She asked why, petting his black labrador Reefer. Both were old beyond her imagining.
"My father was a tailor," Davos said. "He started at it when he was sixteen. He would help the other men in his trade - letting them use his machine when he could. Some of them were transient, and when they moved on from a place, it was considered bad form to return."
"I didn't know that," she said. The dog licked her shoe carefully, as dogs do.
He said, "It doesn't take much for a habit to turn into a credo."
He nodded off. Whether he did from sheer tiredness or an illness she could not have been aware of, I do not know.
She climbed the stairs. The house contained six levels.
The first level housed a large kitchen, such as might be featured in a medium sized restaurant, with a broiler, several ovens, some of them still operative, and a sizeable freezer. It was there on the linoleum that the dog often did its business, possibly because the floors had been easier for Davos to clean. The residue had not been cleaned well, however, and the smell was both reprehensible and familiar by this point.
The third floor contained Davos' bedroom, his study, his books and a a small kitchen intended for use by servants, with a dumbwaiter servicing the bottom three floors. This was where she cooked when he could eat something more than chicken broth.
The third level was the gallery. Perhaps at one time it only held certain paintings, but now it contained all the canvases Davos refused to hand out to museums. He had explained this part of the riddle the day before when she had asked. She noticed his eyes twitching as he spoke, and his gestures became almost incomprehensible, never matching the words completely.
"An institution that charges those who enter is not even a whorehouse, since there you are only expected to pay if you are serviced.

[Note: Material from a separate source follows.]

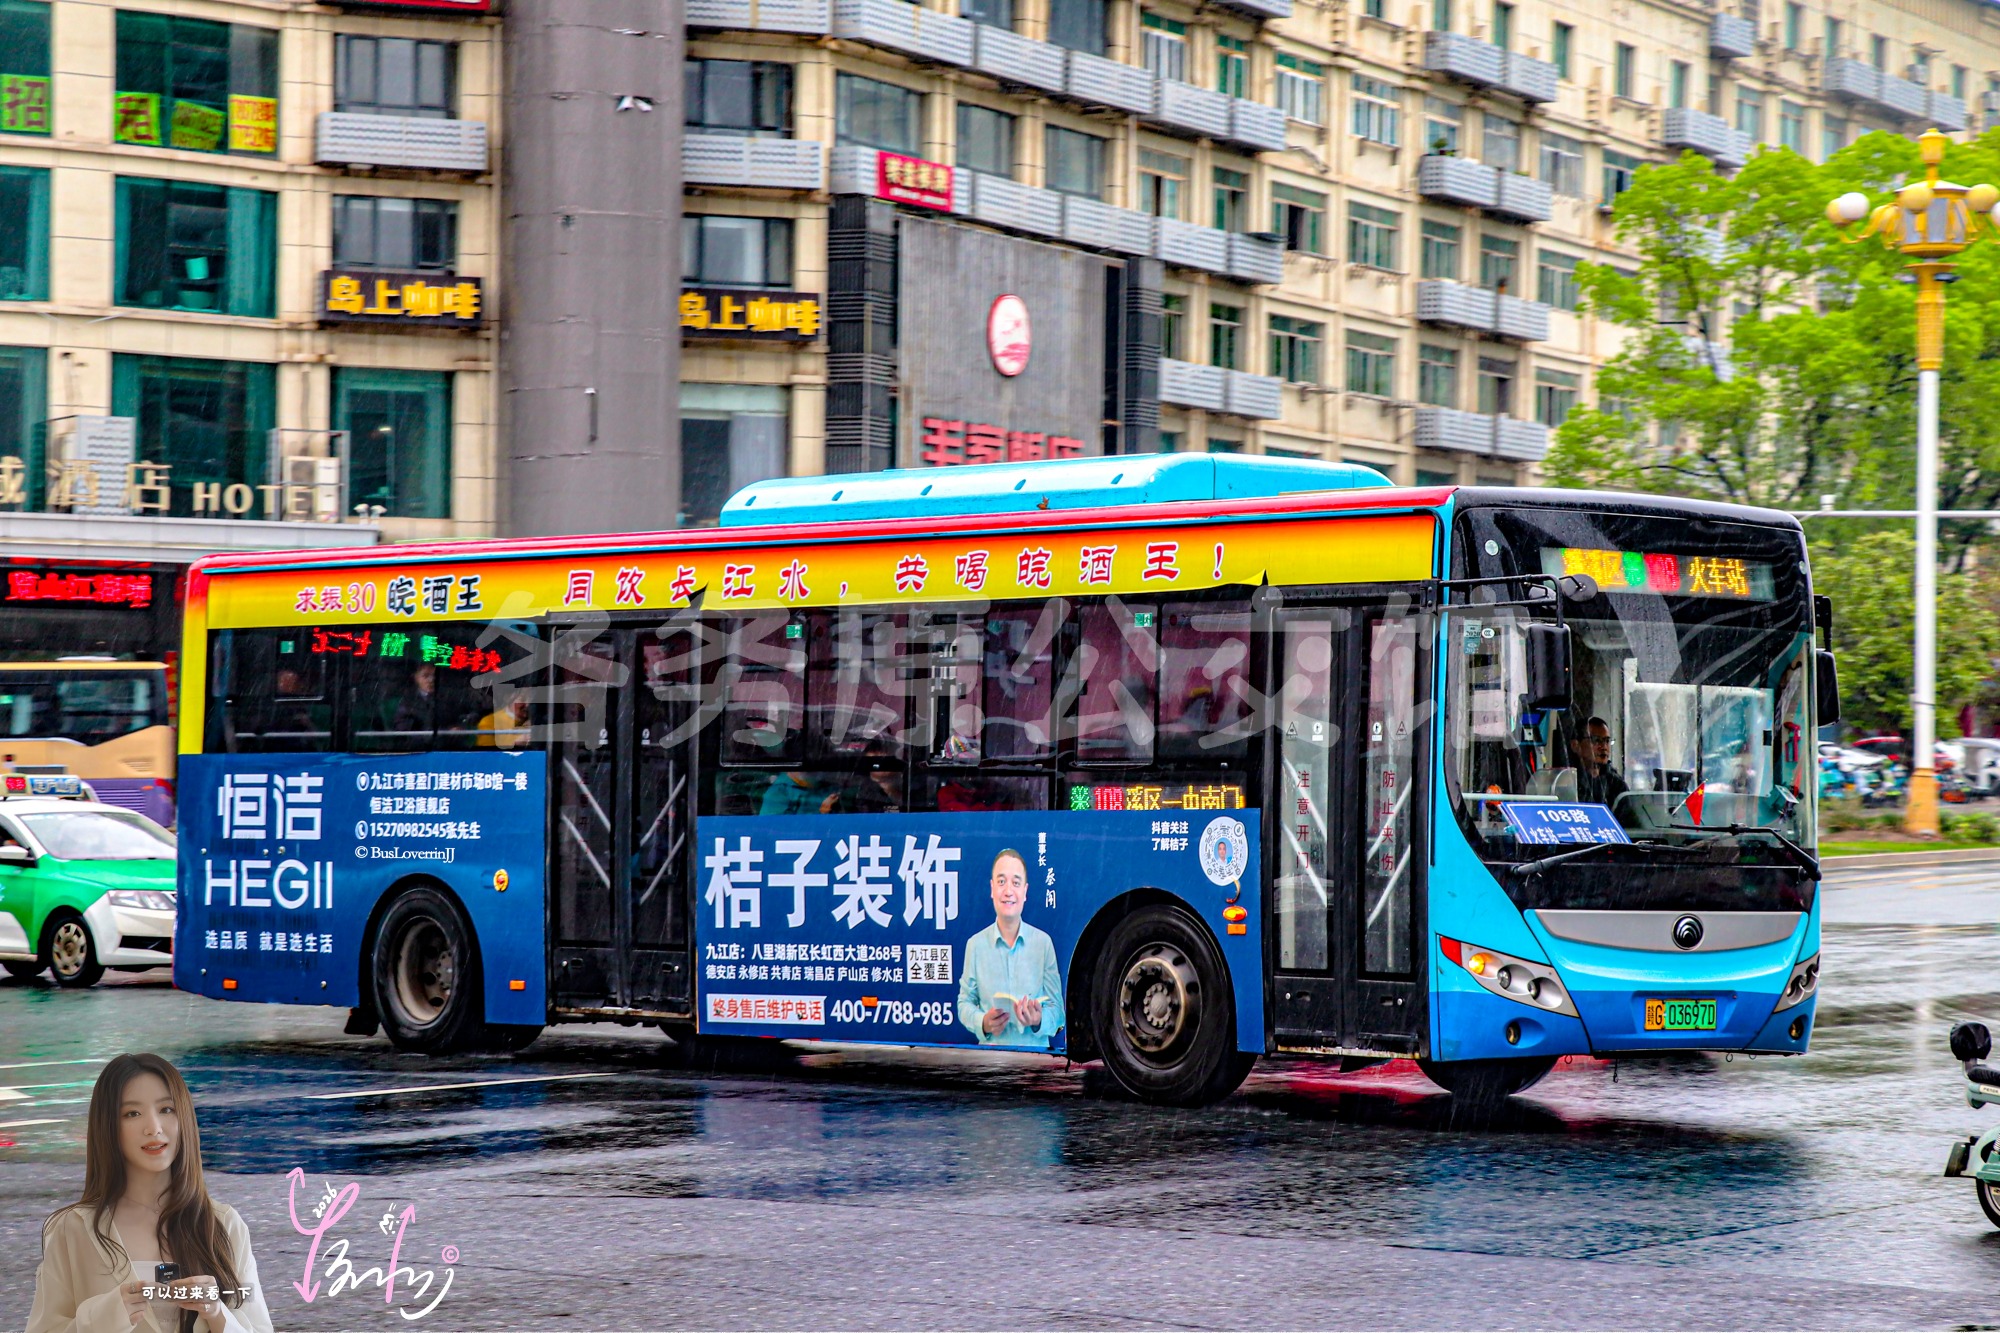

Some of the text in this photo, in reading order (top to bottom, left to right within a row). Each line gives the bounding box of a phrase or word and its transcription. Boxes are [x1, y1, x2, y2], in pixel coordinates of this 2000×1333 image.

What does a museum provide?"
She explained she had thought it was access to great works of art.
"I do not use the internet," he said, "Could you not see all of them there as well?"
She said probably some of the work, but certainly not all, could be found there.
"And my work?"
"Does it bother you?"
"It does not," he said, taking his fifth pill of the morning with a glass of water she handed him. "What bothers me is the idea of visitors paying someone besides myself to see it." She licked her lips.
"But possibly they - I'm sure they paid you for the paintings, or someone did, and so you had presumably been compensated."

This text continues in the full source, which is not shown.